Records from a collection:
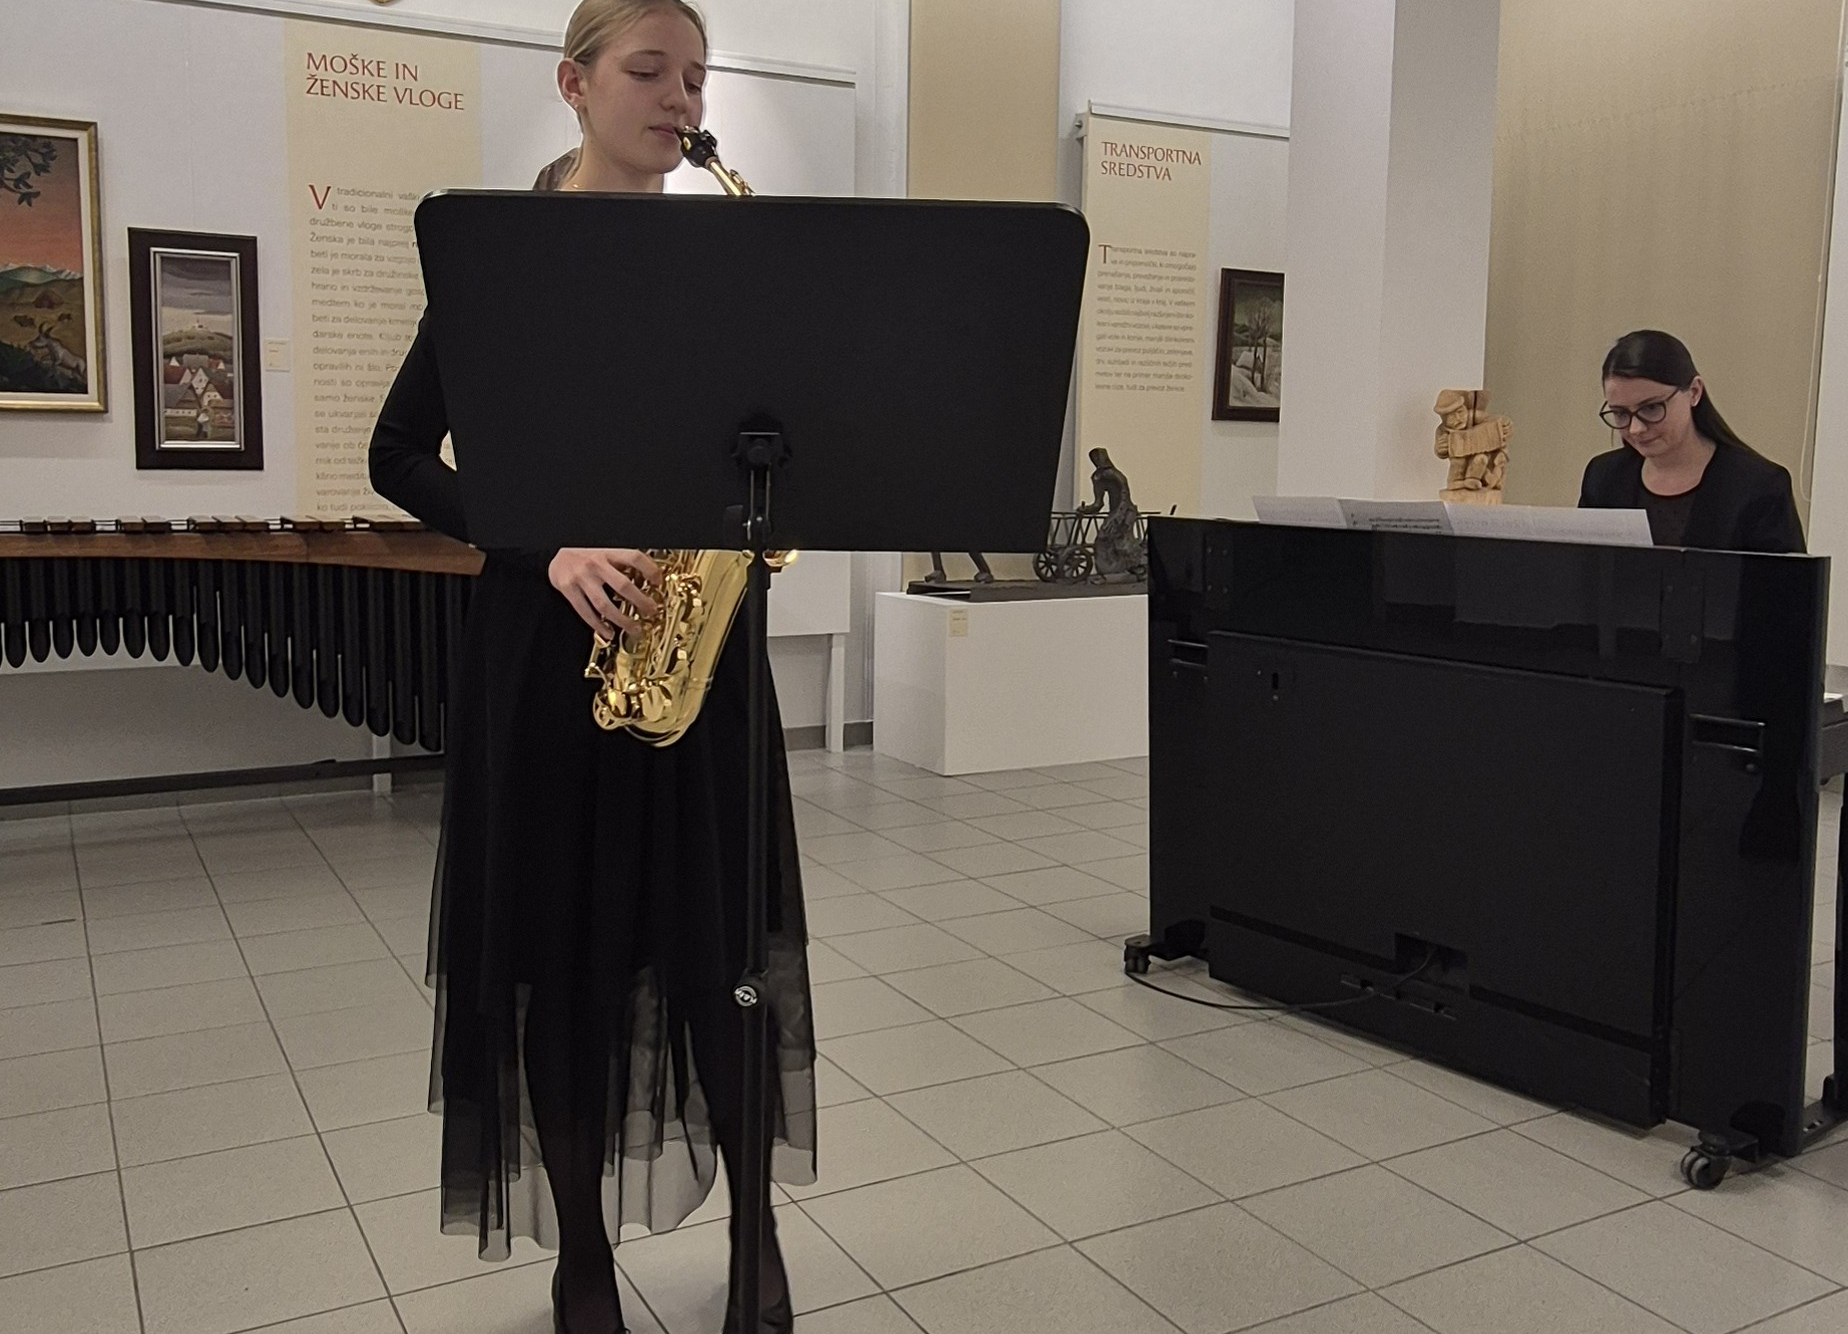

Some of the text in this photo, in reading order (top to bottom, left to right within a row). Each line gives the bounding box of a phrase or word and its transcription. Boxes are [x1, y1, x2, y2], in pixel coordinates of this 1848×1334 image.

[306, 52, 419, 82] MOŠKE IN
[305, 73, 465, 111] ŽENSKE VLOGE
[1101, 141, 1202, 166] TRANSPORTNA
[1101, 160, 1172, 182] SREDSTVA
[308, 184, 331, 210] V

What is expected: The expected answer is the data retyped exactly, without pictures.

Solution to this exercise:
Some of the text in this photo, in reading order (top to bottom, left to right within a row). Each line gives the bounding box of a phrase or word and its transcription. Boxes are [x1, y1, x2, y2], in pixel coordinates of this 1848×1334 image.

[306, 52, 419, 82] MOŠKE IN
[305, 73, 465, 111] ŽENSKE VLOGE
[1101, 141, 1202, 166] TRANSPORTNA
[1101, 160, 1172, 182] SREDSTVA
[308, 184, 331, 210] V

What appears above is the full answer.